## Stored data entries
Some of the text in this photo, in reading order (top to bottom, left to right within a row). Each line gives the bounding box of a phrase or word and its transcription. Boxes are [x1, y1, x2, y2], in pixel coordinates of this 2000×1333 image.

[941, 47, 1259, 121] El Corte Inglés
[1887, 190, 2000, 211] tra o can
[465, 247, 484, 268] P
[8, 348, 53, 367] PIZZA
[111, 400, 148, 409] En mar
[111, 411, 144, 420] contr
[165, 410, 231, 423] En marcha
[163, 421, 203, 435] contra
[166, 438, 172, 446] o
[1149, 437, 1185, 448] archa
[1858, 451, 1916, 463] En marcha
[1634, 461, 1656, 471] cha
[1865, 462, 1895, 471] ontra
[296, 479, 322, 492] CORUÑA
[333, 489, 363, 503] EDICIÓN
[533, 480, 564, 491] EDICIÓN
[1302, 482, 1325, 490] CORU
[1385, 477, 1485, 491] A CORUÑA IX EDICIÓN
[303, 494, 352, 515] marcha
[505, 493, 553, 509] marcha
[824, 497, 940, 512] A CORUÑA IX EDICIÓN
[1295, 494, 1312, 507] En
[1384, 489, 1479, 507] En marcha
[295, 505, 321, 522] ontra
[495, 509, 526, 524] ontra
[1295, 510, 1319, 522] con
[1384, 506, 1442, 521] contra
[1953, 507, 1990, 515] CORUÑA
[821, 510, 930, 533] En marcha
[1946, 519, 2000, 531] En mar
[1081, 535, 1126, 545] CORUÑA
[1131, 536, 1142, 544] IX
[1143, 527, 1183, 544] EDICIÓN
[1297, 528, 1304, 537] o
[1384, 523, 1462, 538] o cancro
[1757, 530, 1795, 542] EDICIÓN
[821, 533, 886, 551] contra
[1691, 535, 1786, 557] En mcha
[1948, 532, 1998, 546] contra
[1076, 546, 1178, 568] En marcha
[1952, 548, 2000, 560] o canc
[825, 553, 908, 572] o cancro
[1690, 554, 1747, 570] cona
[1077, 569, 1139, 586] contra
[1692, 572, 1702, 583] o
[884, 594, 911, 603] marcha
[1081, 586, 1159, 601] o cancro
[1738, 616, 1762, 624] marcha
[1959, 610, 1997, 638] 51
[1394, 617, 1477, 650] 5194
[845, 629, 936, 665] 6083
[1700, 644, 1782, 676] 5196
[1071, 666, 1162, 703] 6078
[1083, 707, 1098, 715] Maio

## TASK DESCRIPTION
Reproduce the data in full, exactly as presented.

## PROBLEM SOLUTION
Some of the text in this photo, in reading order (top to bottom, left to right within a row). Each line gives the bounding box of a phrase or word and its transcription. Boxes are [x1, y1, x2, y2], in pixel coordinates of this 2000×1333 image.

[941, 47, 1259, 121] El Corte Inglés
[1887, 190, 2000, 211] tra o can
[465, 247, 484, 268] P
[8, 348, 53, 367] PIZZA
[111, 400, 148, 409] En mar
[111, 411, 144, 420] contr
[165, 410, 231, 423] En marcha
[163, 421, 203, 435] contra
[166, 438, 172, 446] o
[1149, 437, 1185, 448] archa
[1858, 451, 1916, 463] En marcha
[1634, 461, 1656, 471] cha
[1865, 462, 1895, 471] ontra
[296, 479, 322, 492] CORUÑA
[333, 489, 363, 503] EDICIÓN
[533, 480, 564, 491] EDICIÓN
[1302, 482, 1325, 490] CORU
[1385, 477, 1485, 491] A CORUÑA IX EDICIÓN
[303, 494, 352, 515] marcha
[505, 493, 553, 509] marcha
[824, 497, 940, 512] A CORUÑA IX EDICIÓN
[1295, 494, 1312, 507] En
[1384, 489, 1479, 507] En marcha
[295, 505, 321, 522] ontra
[495, 509, 526, 524] ontra
[1295, 510, 1319, 522] con
[1384, 506, 1442, 521] contra
[1953, 507, 1990, 515] CORUÑA
[821, 510, 930, 533] En marcha
[1946, 519, 2000, 531] En mar
[1081, 535, 1126, 545] CORUÑA
[1131, 536, 1142, 544] IX
[1143, 527, 1183, 544] EDICIÓN
[1297, 528, 1304, 537] o
[1384, 523, 1462, 538] o cancro
[1757, 530, 1795, 542] EDICIÓN
[821, 533, 886, 551] contra
[1691, 535, 1786, 557] En mcha
[1948, 532, 1998, 546] contra
[1076, 546, 1178, 568] En marcha
[1952, 548, 2000, 560] o canc
[825, 553, 908, 572] o cancro
[1690, 554, 1747, 570] cona
[1077, 569, 1139, 586] contra
[1692, 572, 1702, 583] o
[884, 594, 911, 603] marcha
[1081, 586, 1159, 601] o cancro
[1738, 616, 1762, 624] marcha
[1959, 610, 1997, 638] 51
[1394, 617, 1477, 650] 5194
[845, 629, 936, 665] 6083
[1700, 644, 1782, 676] 5196
[1071, 666, 1162, 703] 6078
[1083, 707, 1098, 715] Maio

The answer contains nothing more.